The reflector antennas in such mobile satellite systems are large such as, for example, 1.2 meter in size. Such large reflectors when stowed can bounce and move. A need exists to minimize damage from the stowed reflector antenna hitting the transport surface due to mechanical stress such as high wind loads, transport over rough terrain, heavy snow and/or ice loads. The damage can occur to either or both the reflector antenna and to the transport surface.

A stabilizing mechanism for a reflector antenna, in a mobile satellite system mounted to a vehicle or mounted in a container, is provided to substantially minimize damage to the reflector antenna when stowed. The stabilizing mechanism uses a pair of stabilizing surfaces connected on opposite sides of the reflector antenna. A first end of each stabilizing device is connected on one of the opposing sides of the reflector antenna. The second end of each stabilizing device abuts, with a pre-load force, against a corresponding stabilizing surface in said pair of stabilizing surfaces when said reflector antenna is stowed. The stabilizing surface may be on the system, the mount for the system, or the vehicle or container transporting the system. The pre-loaded abutment minimizes any movement of the reflector antenna towards the stabilizing surface during transport or in adverse environmental conditions.
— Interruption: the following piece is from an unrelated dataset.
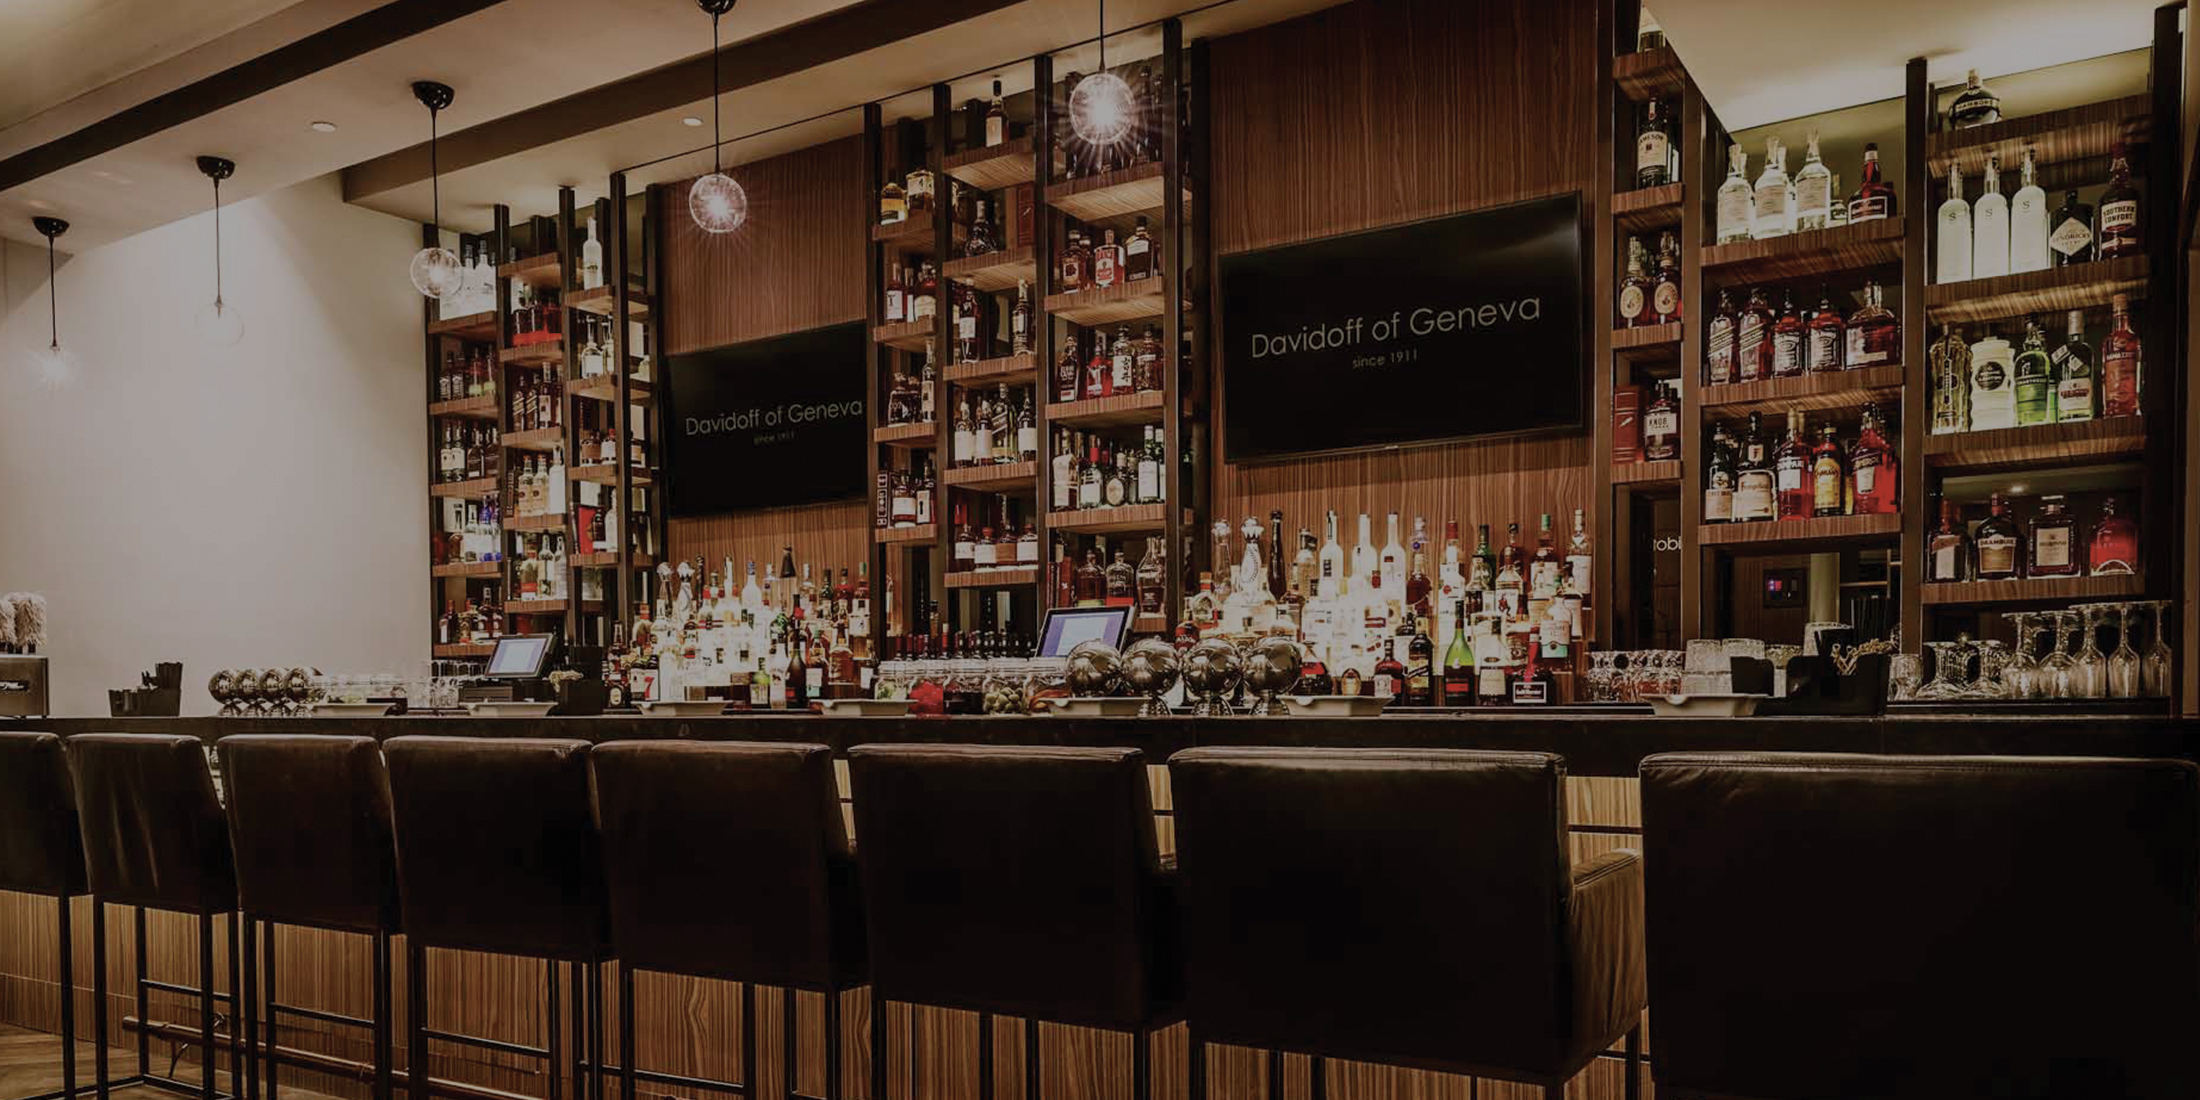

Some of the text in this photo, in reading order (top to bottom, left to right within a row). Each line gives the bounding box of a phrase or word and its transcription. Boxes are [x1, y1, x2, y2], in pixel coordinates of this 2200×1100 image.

A method protecting a stowed reflector antenna in a mobile satellite antenna system encountering mechanical stress during transport. The method includes abutting a pair of stabilizing devices connected to opposite sides of the stowed reflector antenna against a stabilizing surface. The method further includes minimizing movement between the stabilizing surface and the stowed reflector antenna when the mobile satellite system encounters mechanical stress. The method further includes pre-loading the stabilizing devices against the stabilizing surface. The method also includes maintaining a separation distance between the reflector antenna and the stabilizing surface.

FIG. 1 is a perspective view of a mobile satellite system with the reflector antenna stowed.
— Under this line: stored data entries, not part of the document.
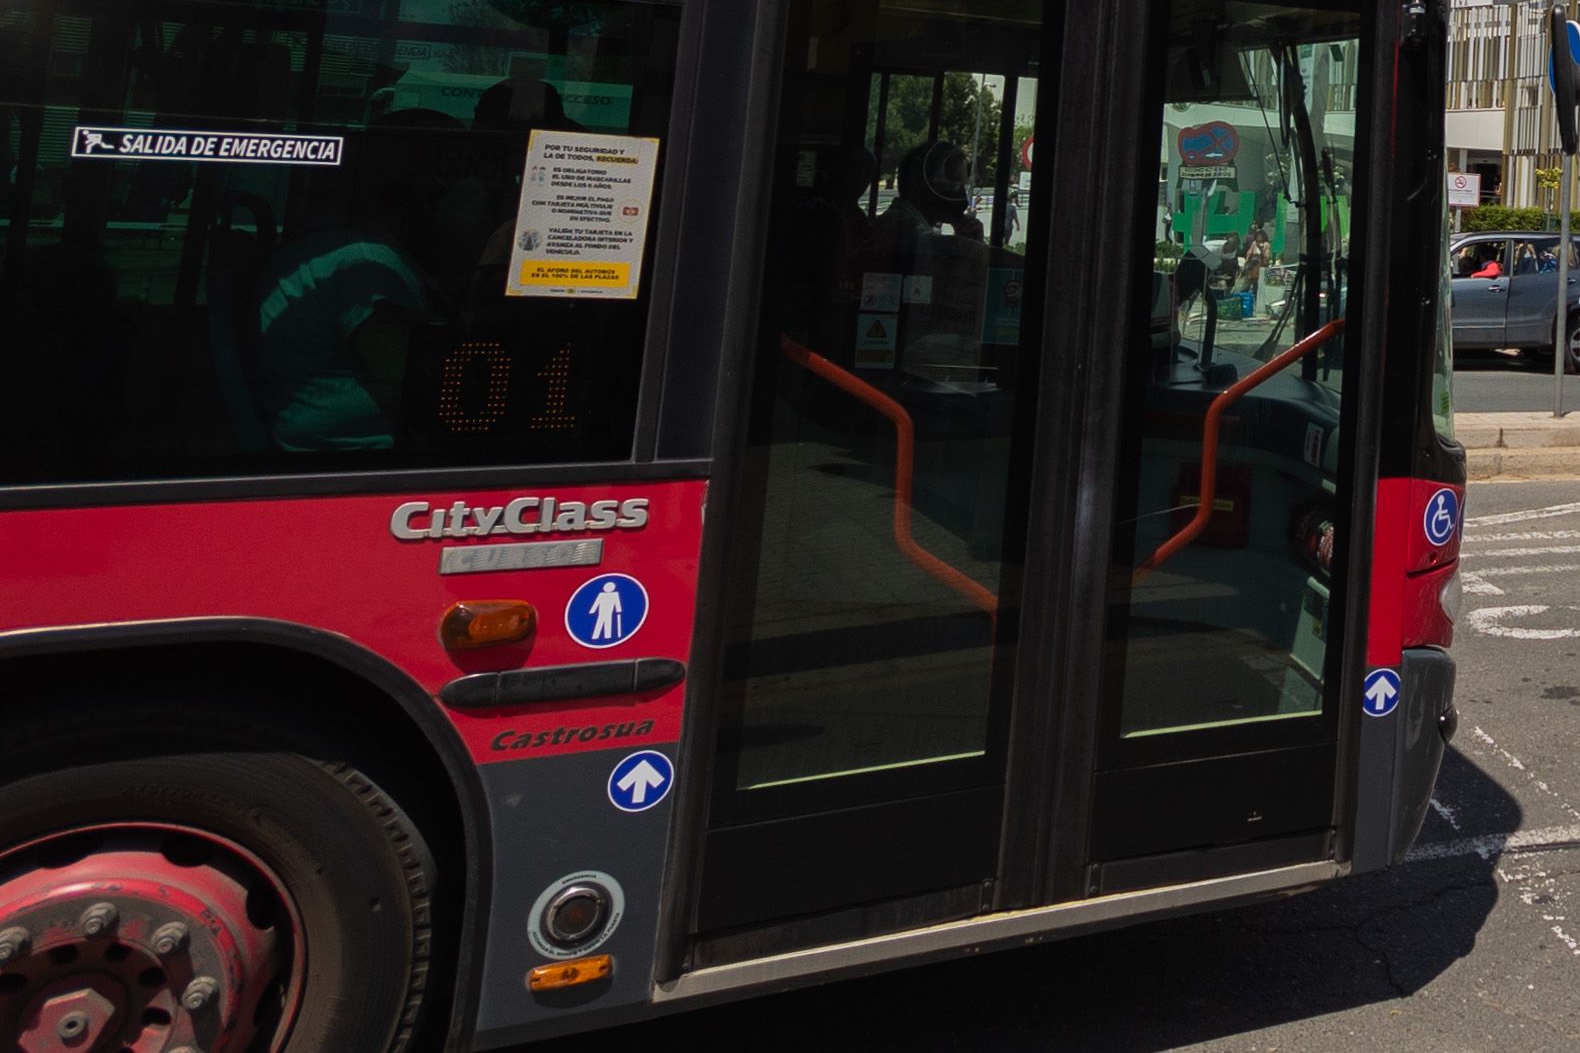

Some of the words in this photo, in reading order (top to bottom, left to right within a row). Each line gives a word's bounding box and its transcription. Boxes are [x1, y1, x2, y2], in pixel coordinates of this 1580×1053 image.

[561, 94, 611, 105] CCESO
[119, 134, 185, 155] SALIDA
[190, 137, 217, 156] DE
[219, 138, 335, 160] EMERGENCIA
[544, 144, 561, 152] POR
[574, 146, 618, 155] SEGURIDAD
[389, 497, 649, 541] CityClass
[491, 719, 656, 752] Castrosua
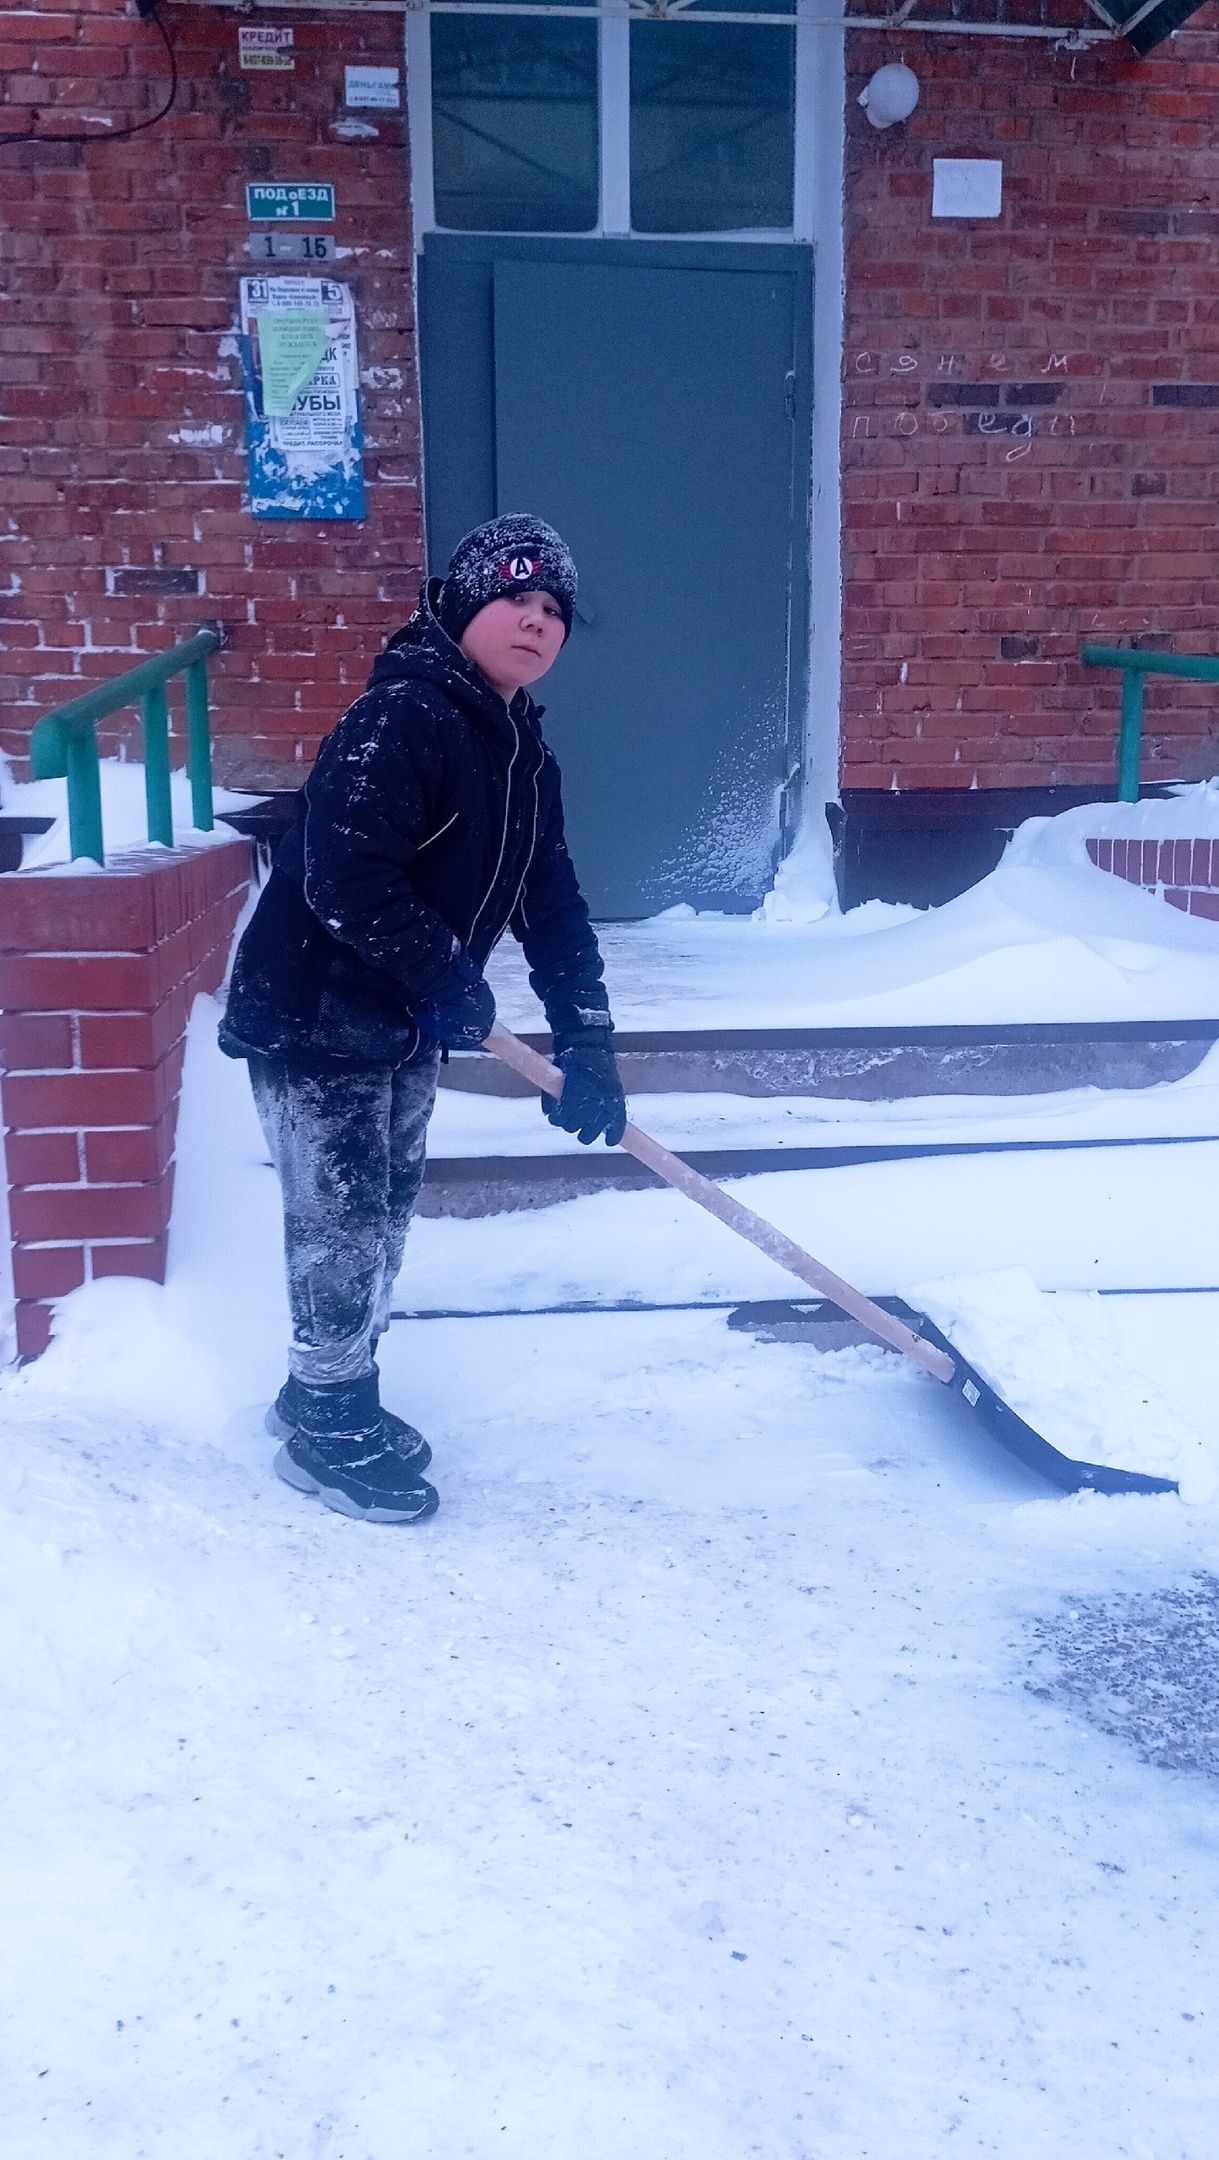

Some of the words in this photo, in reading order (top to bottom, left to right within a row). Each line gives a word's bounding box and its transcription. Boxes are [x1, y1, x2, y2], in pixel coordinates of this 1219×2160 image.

[241, 31, 291, 43] КРЕДИТ
[264, 236, 276, 257] 1
[302, 236, 327, 258] 15
FIG. 2 is a perspective view of a mobile satellite system with the reflector antenna deployed.

FIG. 3 is a partial perspective view of the stabilizing mechanism of the present invention.

FIG. 4 is an exploded perspective view of the stabilizing device of the present invention.
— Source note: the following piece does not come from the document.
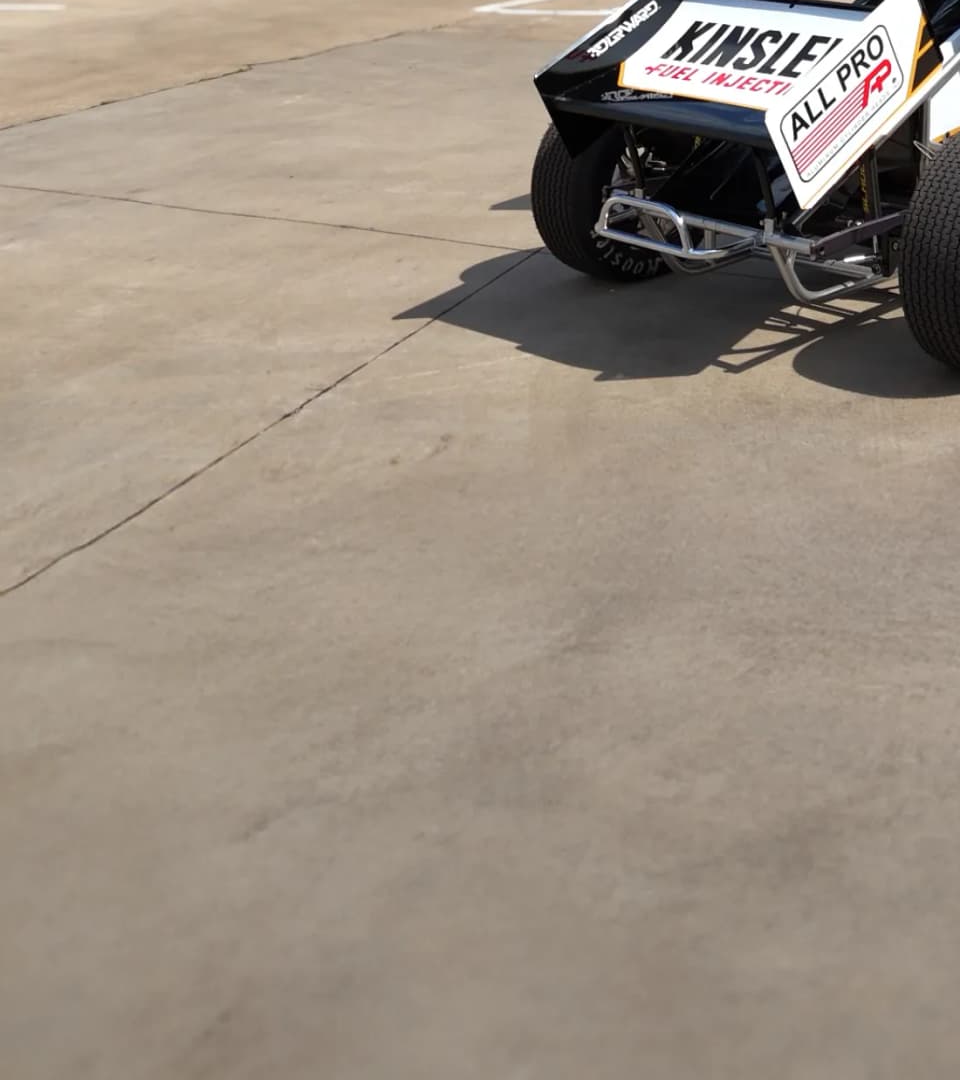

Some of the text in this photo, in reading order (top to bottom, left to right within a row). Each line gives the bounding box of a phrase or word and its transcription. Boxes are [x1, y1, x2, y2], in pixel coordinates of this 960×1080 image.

[645, 63, 793, 96] FUEL INJECTI
[791, 34, 884, 142] ALL PRO
FIG. 5 is a front view of the stabilizing device of the present invention.

FIG. 6 is a right side view of the stabilizing device of the present invention.

FIG. 7 is a left side view of the stabilizing device of the present invention.

FIG. 8 is a top view of the stabilizing device of the present invention.

FIG. 9 is a bottom view of the stabilizing device of the present invention.

FIG. 10 is a partial perspective view of a stabilizing device of the present invention abutting against a stabilizing surface.

FIG. 10a is an illustration showing deformation of the stabilizing bumper.

FIG. 11 is a perspective view of a stowed reflector antenna with a partial cut-away showing the primary stabilization bumper.

FIG. 11a (PRIOR ART) shows the primary stabilization bumper abutting the stowed reflector antenna in a side cut-away view.

FIG. 12 is a top planar view of the stowed reflector antenna with a partial cut-away showing the stabilizing mechanism of the present invention.

FIG. 13 is an illustration showing the support triangle generated by the stabilizing mechanism and method of the present invention.

FIG. 14 is a side view of FIG. 13.

FIG. 15 is an illustration showing the support generated by the stabilizing mechanism and method of the present invention when used in another embodiment.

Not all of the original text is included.